* [Task to complete]: Your copy should match the entries exactly, with the pictures left out.

* [Information supplied]:
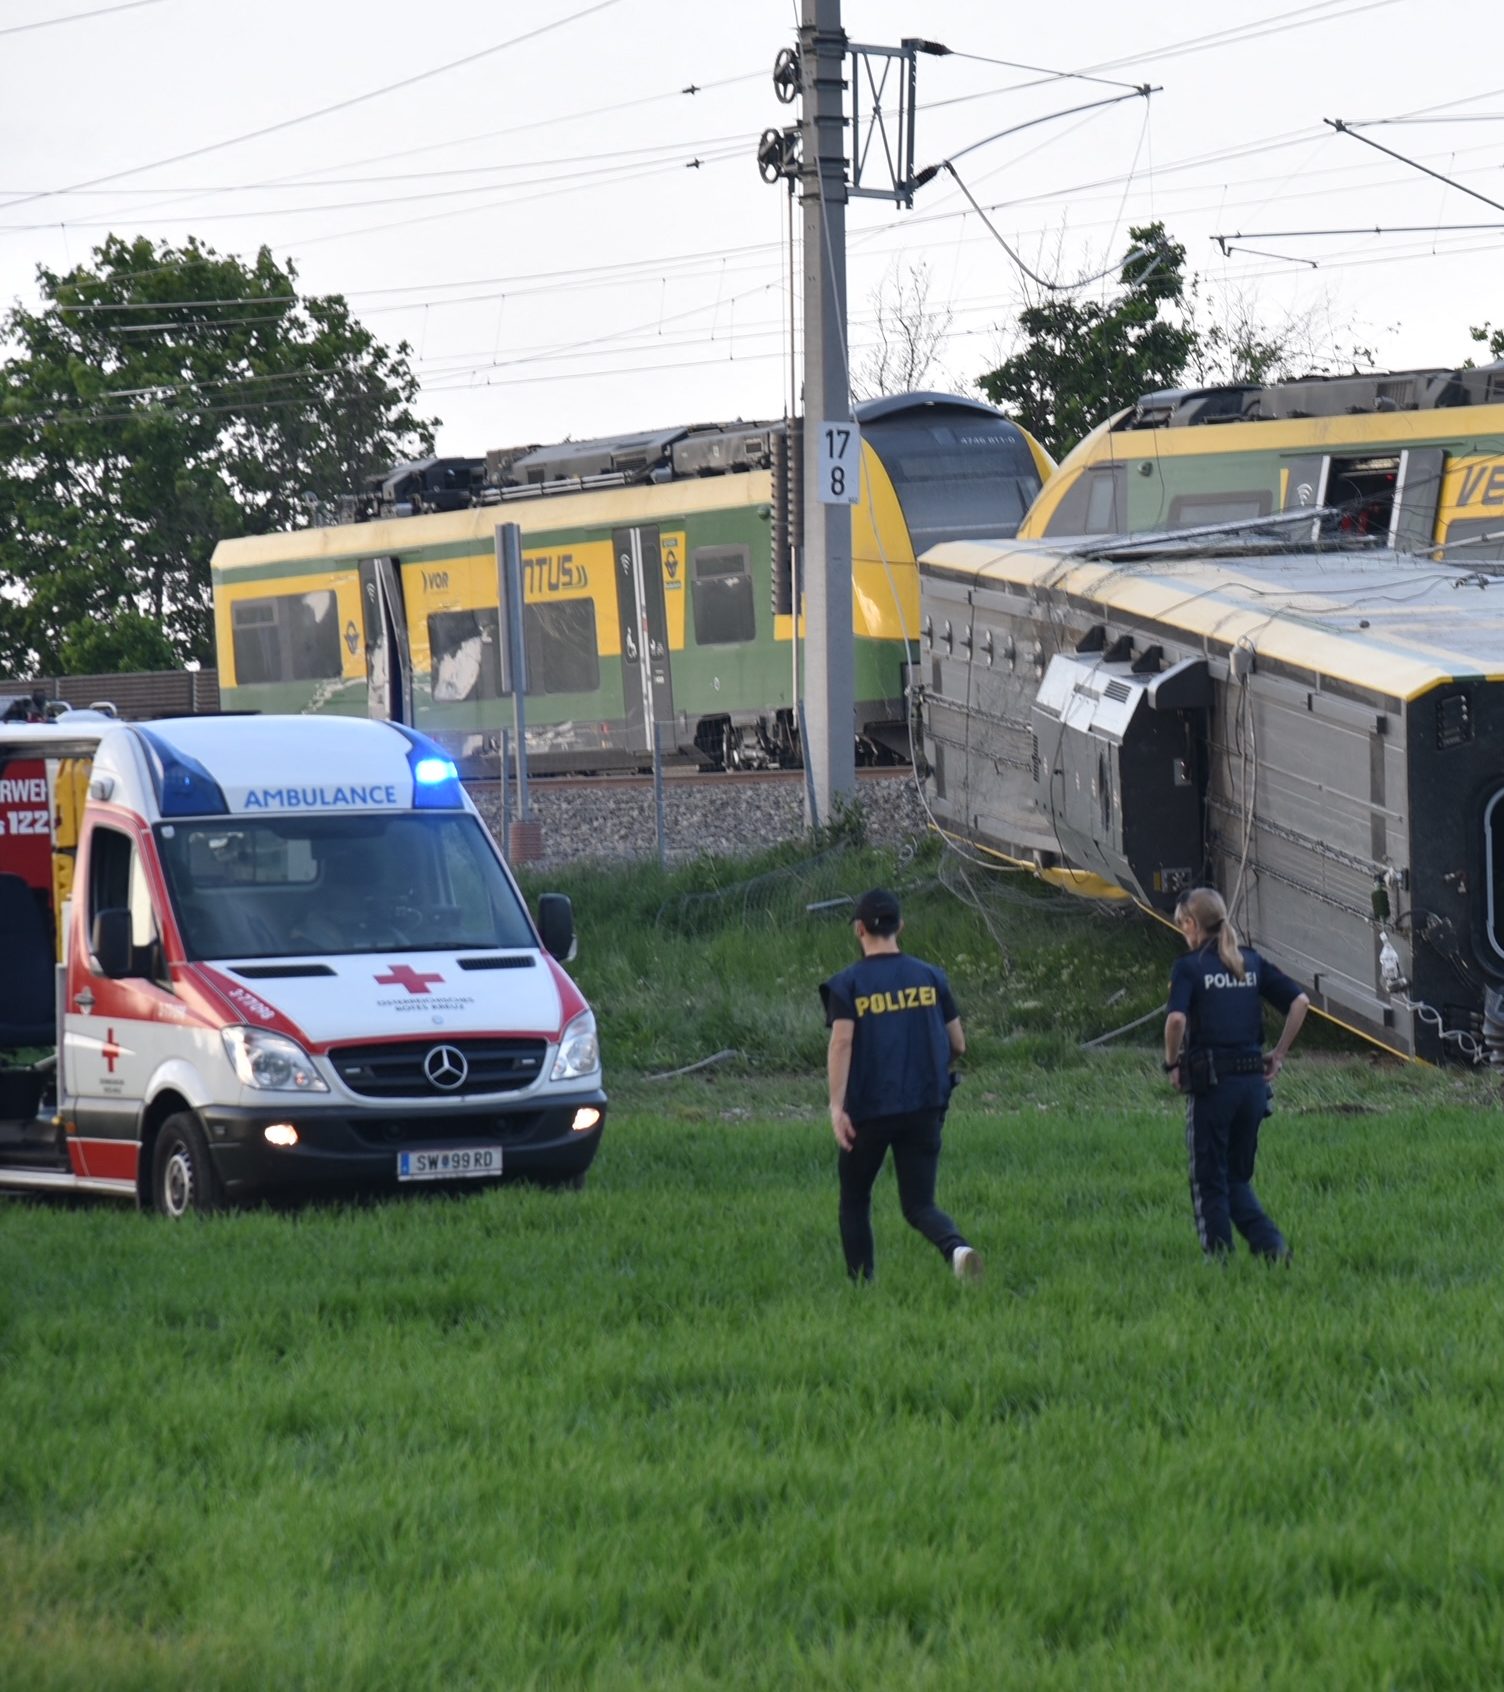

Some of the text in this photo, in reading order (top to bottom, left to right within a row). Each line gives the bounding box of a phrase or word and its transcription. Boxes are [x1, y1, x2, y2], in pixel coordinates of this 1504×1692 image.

[825, 429, 851, 459] 17
[831, 466, 845, 496] 8
[245, 785, 397, 808] AMBULANCE
[7, 810, 50, 835] 122
[855, 986, 937, 1018] POLIZEI
[416, 1151, 493, 1171] SW 99 RD

* [Response area]:
Some of the text in this photo, in reading order (top to bottom, left to right within a row). Each line gives the bounding box of a phrase or word and its transcription. Boxes are [x1, y1, x2, y2], in pixel coordinates of this 1504×1692 image.

[825, 429, 851, 459] 17
[831, 466, 845, 496] 8
[245, 785, 397, 808] AMBULANCE
[7, 810, 50, 835] 122
[855, 986, 937, 1018] POLIZEI
[416, 1151, 493, 1171] SW 99 RD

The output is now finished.